**WORK ITEM:** Write out the data exactly, keeping every line.

Data entries
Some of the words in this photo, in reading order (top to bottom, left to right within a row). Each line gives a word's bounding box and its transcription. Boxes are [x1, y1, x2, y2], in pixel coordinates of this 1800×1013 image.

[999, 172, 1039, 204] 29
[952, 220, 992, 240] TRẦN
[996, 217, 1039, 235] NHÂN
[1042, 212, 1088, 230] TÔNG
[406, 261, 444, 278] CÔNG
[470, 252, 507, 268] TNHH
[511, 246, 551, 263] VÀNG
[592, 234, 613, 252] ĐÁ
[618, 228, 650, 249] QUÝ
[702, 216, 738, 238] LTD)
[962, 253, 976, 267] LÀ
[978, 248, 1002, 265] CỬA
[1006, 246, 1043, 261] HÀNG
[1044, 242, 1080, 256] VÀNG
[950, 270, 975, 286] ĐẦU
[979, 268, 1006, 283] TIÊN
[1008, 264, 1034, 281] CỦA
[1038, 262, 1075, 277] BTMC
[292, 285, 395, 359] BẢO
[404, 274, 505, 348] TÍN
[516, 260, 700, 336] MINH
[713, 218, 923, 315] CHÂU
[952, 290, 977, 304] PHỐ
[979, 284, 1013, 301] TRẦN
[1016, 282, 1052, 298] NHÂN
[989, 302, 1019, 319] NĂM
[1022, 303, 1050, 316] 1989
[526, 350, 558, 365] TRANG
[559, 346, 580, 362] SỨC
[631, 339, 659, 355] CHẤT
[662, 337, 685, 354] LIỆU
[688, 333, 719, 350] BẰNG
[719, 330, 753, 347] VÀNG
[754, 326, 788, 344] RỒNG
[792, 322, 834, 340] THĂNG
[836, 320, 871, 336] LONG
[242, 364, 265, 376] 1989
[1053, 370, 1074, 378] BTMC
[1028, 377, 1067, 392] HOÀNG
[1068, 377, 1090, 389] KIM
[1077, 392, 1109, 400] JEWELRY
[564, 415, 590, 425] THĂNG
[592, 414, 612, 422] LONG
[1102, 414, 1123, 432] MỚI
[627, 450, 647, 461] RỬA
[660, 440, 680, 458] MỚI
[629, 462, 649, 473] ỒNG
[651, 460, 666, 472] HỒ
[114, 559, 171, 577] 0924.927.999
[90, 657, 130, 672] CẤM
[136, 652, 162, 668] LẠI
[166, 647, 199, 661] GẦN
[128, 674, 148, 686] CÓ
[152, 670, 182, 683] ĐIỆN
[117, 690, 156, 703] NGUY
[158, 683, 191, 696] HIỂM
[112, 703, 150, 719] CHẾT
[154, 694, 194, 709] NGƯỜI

**EXPECTED ANSWER:**
Some of the words in this photo, in reading order (top to bottom, left to right within a row). Each line gives a word's bounding box and its transcription. Boxes are [x1, y1, x2, y2], in pixel coordinates of this 1800×1013 image.

[999, 172, 1039, 204] 29
[952, 220, 992, 240] TRẦN
[996, 217, 1039, 235] NHÂN
[1042, 212, 1088, 230] TÔNG
[406, 261, 444, 278] CÔNG
[470, 252, 507, 268] TNHH
[511, 246, 551, 263] VÀNG
[592, 234, 613, 252] ĐÁ
[618, 228, 650, 249] QUÝ
[702, 216, 738, 238] LTD)
[962, 253, 976, 267] LÀ
[978, 248, 1002, 265] CỬA
[1006, 246, 1043, 261] HÀNG
[1044, 242, 1080, 256] VÀNG
[950, 270, 975, 286] ĐẦU
[979, 268, 1006, 283] TIÊN
[1008, 264, 1034, 281] CỦA
[1038, 262, 1075, 277] BTMC
[292, 285, 395, 359] BẢO
[404, 274, 505, 348] TÍN
[516, 260, 700, 336] MINH
[713, 218, 923, 315] CHÂU
[952, 290, 977, 304] PHỐ
[979, 284, 1013, 301] TRẦN
[1016, 282, 1052, 298] NHÂN
[989, 302, 1019, 319] NĂM
[1022, 303, 1050, 316] 1989
[526, 350, 558, 365] TRANG
[559, 346, 580, 362] SỨC
[631, 339, 659, 355] CHẤT
[662, 337, 685, 354] LIỆU
[688, 333, 719, 350] BẰNG
[719, 330, 753, 347] VÀNG
[754, 326, 788, 344] RỒNG
[792, 322, 834, 340] THĂNG
[836, 320, 871, 336] LONG
[242, 364, 265, 376] 1989
[1053, 370, 1074, 378] BTMC
[1028, 377, 1067, 392] HOÀNG
[1068, 377, 1090, 389] KIM
[1077, 392, 1109, 400] JEWELRY
[564, 415, 590, 425] THĂNG
[592, 414, 612, 422] LONG
[1102, 414, 1123, 432] MỚI
[627, 450, 647, 461] RỬA
[660, 440, 680, 458] MỚI
[629, 462, 649, 473] ỒNG
[651, 460, 666, 472] HỒ
[114, 559, 171, 577] 0924.927.999
[90, 657, 130, 672] CẤM
[136, 652, 162, 668] LẠI
[166, 647, 199, 661] GẦN
[128, 674, 148, 686] CÓ
[152, 670, 182, 683] ĐIỆN
[117, 690, 156, 703] NGUY
[158, 683, 191, 696] HIỂM
[112, 703, 150, 719] CHẾT
[154, 694, 194, 709] NGƯỜI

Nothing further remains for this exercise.